Sexual abuse also includes any act which involves a minor which constitutes a violation of
prostitution offenses under sections 609.321 to 609.324 or 617.246. Effective May 29, 2017,
sexual abuse includes all reports of known or suspected child sex trafficking involving a
child who is identified as a victim of sex trafficking. Sexual abuse includes child sex
trafficking as defined in section 609.321, subdivisions 7a and 7b. Sexual abuse includes
threatened sexual abuse which includes the status of a parent or household member who
has committed a violation which requires registration as an offender under section 243.166,
subdivision 1b, paragraph (a) or (b), or required registration under section 243.166,
subdivision 1b, paragraph (a) or (b).

(o) "Substantial child endangerment" means a person responsible for a child's care, by
act or omission, commits or attempts to commit an act against a child under their care that
constitutes any of the following:

(1) egregious harm as defined in section 260C.007, subdivision 14;

(2) abandonment under section 260C.301, subdivision 2;

(3) neglect as defined in paragraph (g), clause (2), that substantially endangers the child's
physical or mental health, including a growth delay, which may be referred to as failure to
thrive, that has been diagnosed by a physician and is due to parental neglect;

(4) murder in the first, second, or third degree under section 609.185, 609.19, or 609.195;

(5) manslaughter in the first or second degree under section 609.20 or 609.205;

(6) assault in the first, second, or third degree under section 609.221, 609.222, or 609.223;

(7) solicitation, inducement, and promotion of prostitution under section 609.322;

(8) criminal sexual conduct under sections 609.342 to 609.3451;

(9) solicitation of children to engage in sexual conduct under section 609.352;

(10) malicious punishment or neglect or endangerment of a child under section 609.377
or 609.378;

(11) use of a minor in sexual performance under section 617.246; or

(12) parental behavior, status, or condition which mandates that the county attorney file
a termination of parental rights petition under section 260C.503, subdivision 2.

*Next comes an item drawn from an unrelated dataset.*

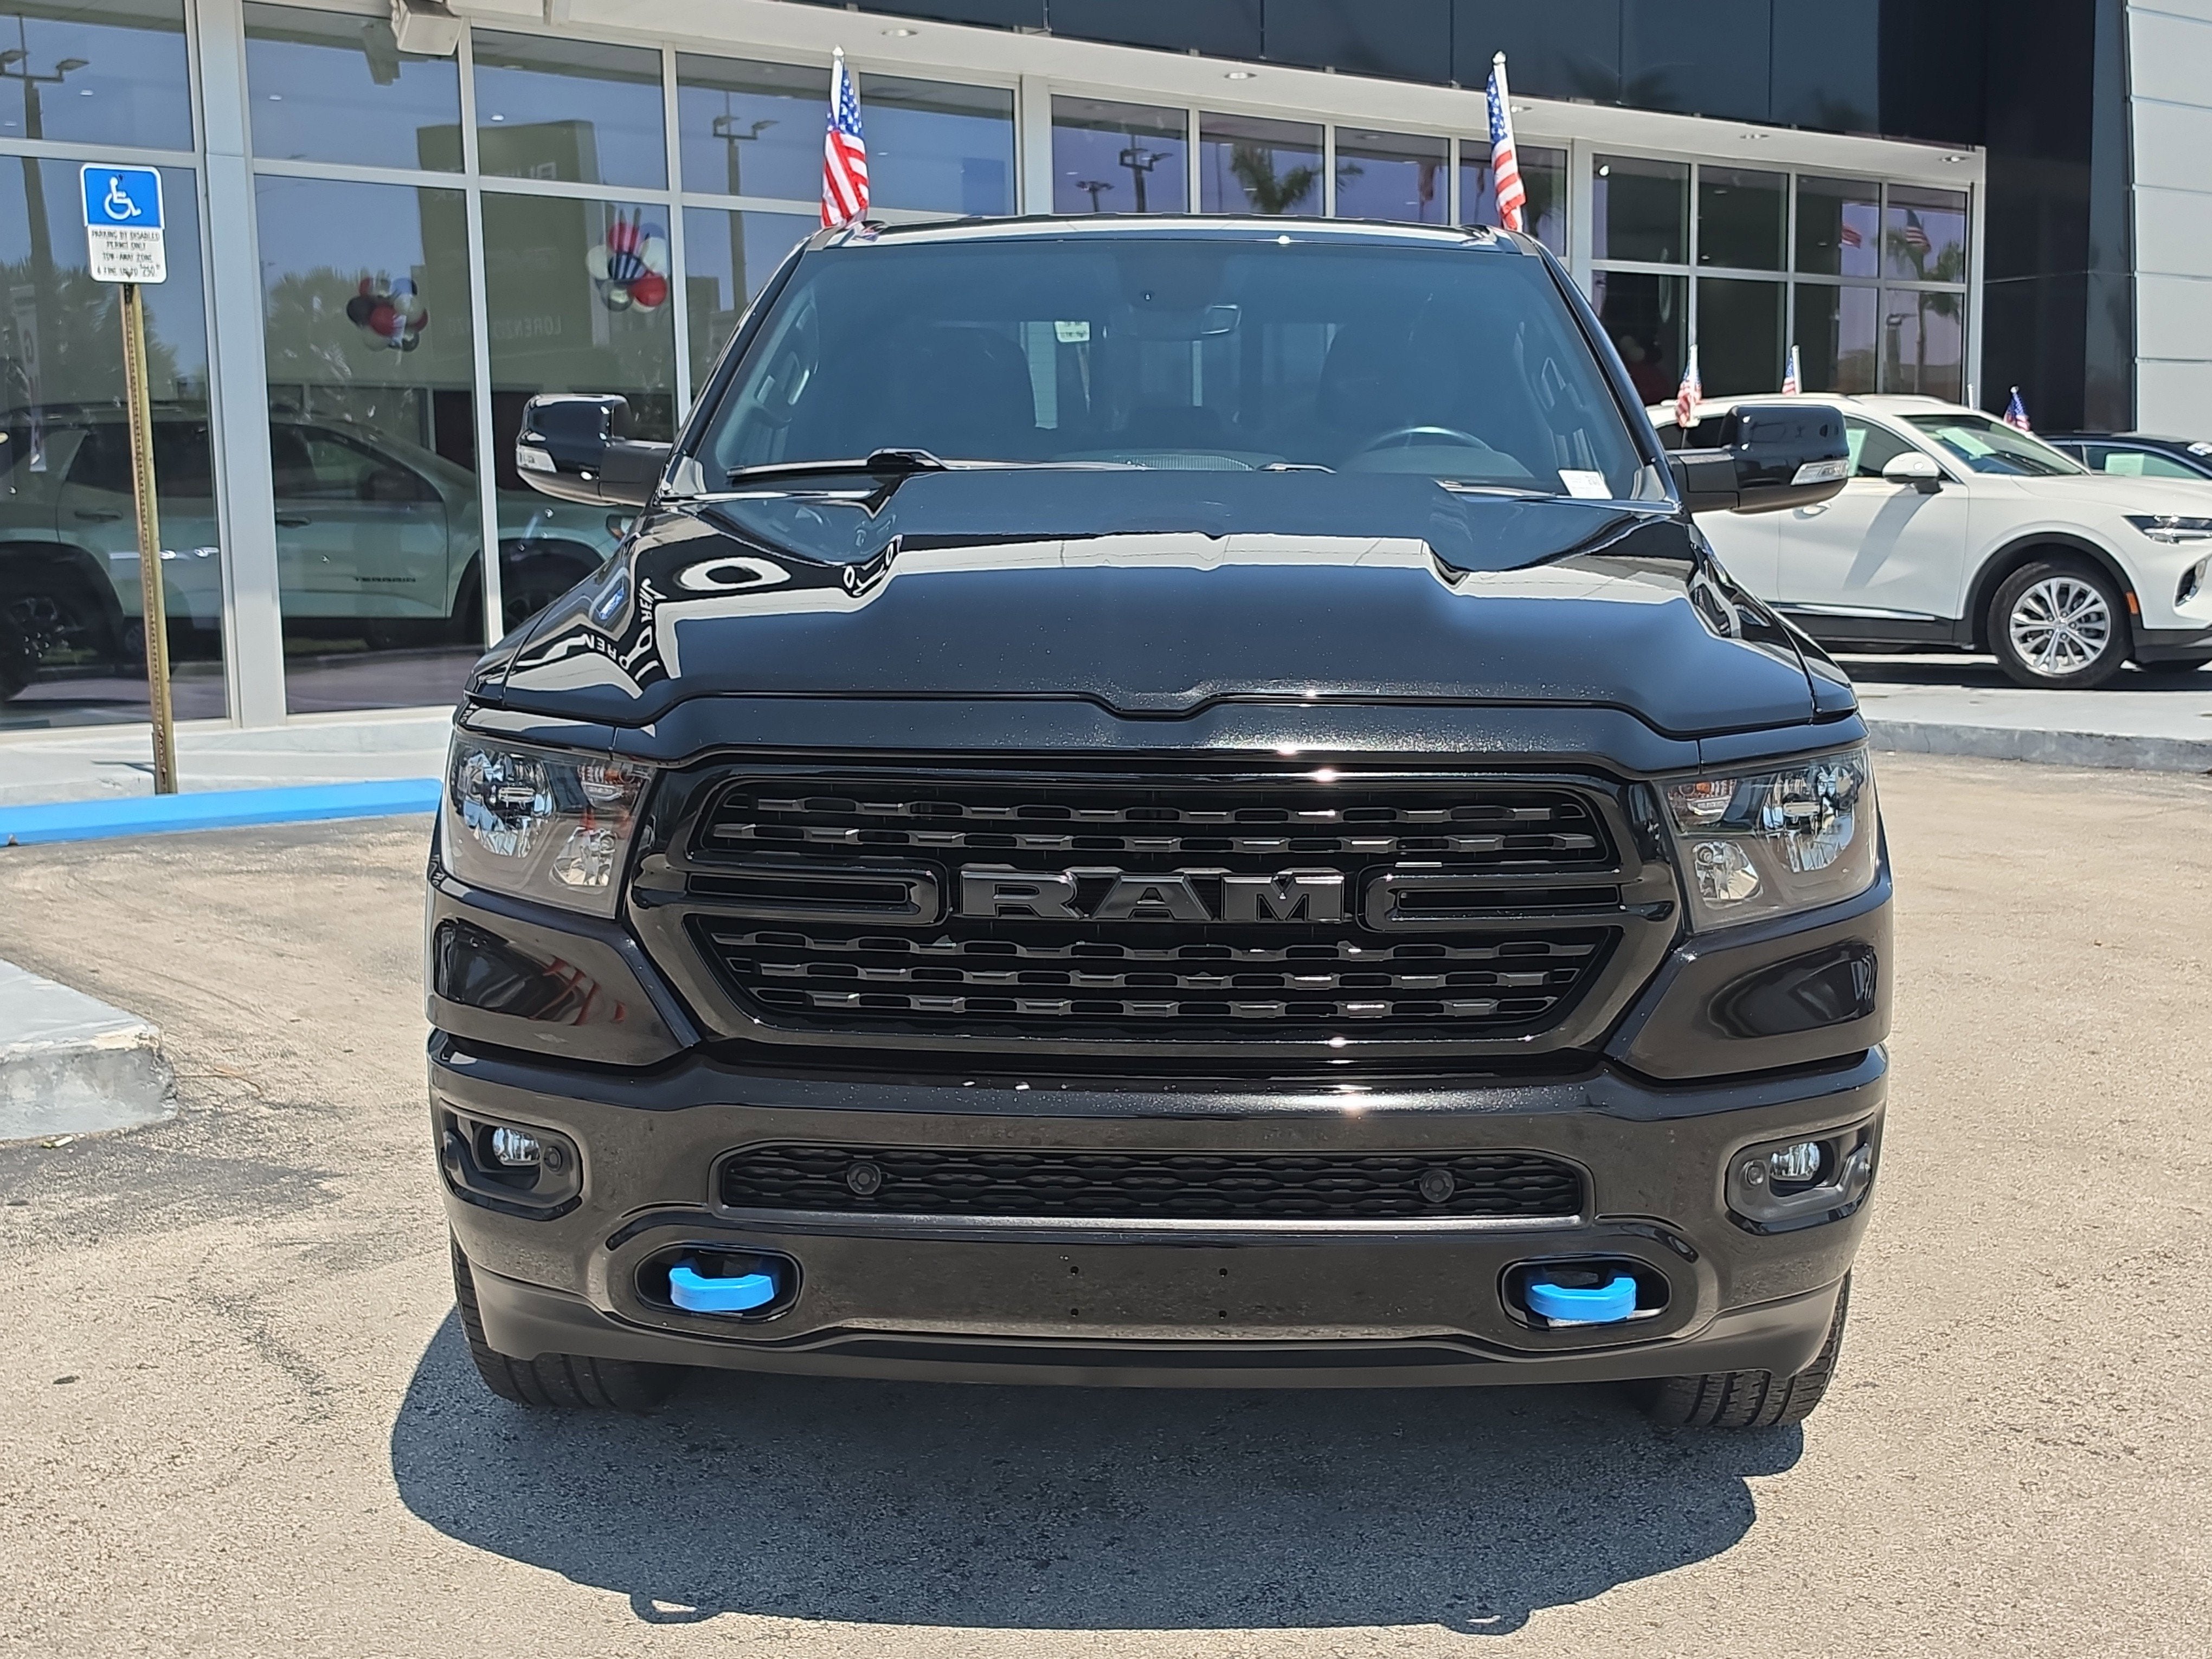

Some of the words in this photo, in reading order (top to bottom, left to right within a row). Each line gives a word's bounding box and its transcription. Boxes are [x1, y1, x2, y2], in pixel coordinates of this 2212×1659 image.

(p) "Threatened injury" means a statement, overt act, condition, or status that represents
a substantial risk of physical or sexual abuse or mental injury. Threatened injury includes,
but is not limited to, exposing a child to a person responsible for the child's care, as defined
in paragraph (j), clause (1), who has:

(1) subjected a child to, or failed to protect a child from, an overt act or condition that
constitutes egregious harm, as defined in section 260C.007, subdivision 14, or a similar law
of another jurisdiction;

(2) been found to be palpably unfit under section 260C.301, subdivision 1, paragraph
(b), clause (4), or a similar law of another jurisdiction;

(3) committed an act that has resulted in an involuntary termination of parental rights
under section 260C.301, or a similar law of another jurisdiction; or

(4) committed an act that has resulted in the involuntary transfer of permanent legal and
physical custody of a child to a relative under Minnesota Statutes 2010, section 260C.201,
subdivision 11, paragraph (d), clause (1), section 260C.515, subdivision 4, or a similar law
of another jurisdiction.

A child is the subject of a report of threatened injury when the responsible social services
agency receives birth match data under paragraph (q) from the Department of Human
Services.

(q) Upon receiving data under section 144.225, subdivision 2b, contained in a birth
record or recognition of parentage identifying a child who is subject to threatened injury
under paragraph (p), the Department of Human Services shall send the data to the responsible
social services agency. The data is known as "birth match" data. Unless the responsible
social services agency has already begun an investigation or assessment of the report due
to the birth of the child or execution of the recognition of parentage and the parent's previous
history with child protection, the agency shall accept the birth match data as a report under
this section. The agency may use either a family assessment or investigation to determine
whether the child is safe. All of the provisions of this section apply. If the child is determined
to be safe, the agency shall consult with the county attorney to determine the appropriateness
of filing a petition alleging the child is in need of protection or services under section
260C.007, subdivision 6, clause (16), in order to deliver needed services. If the child is
determined not to be safe, the agency and the county attorney shall take appropriate action
as required under section 260C.503, subdivision 2.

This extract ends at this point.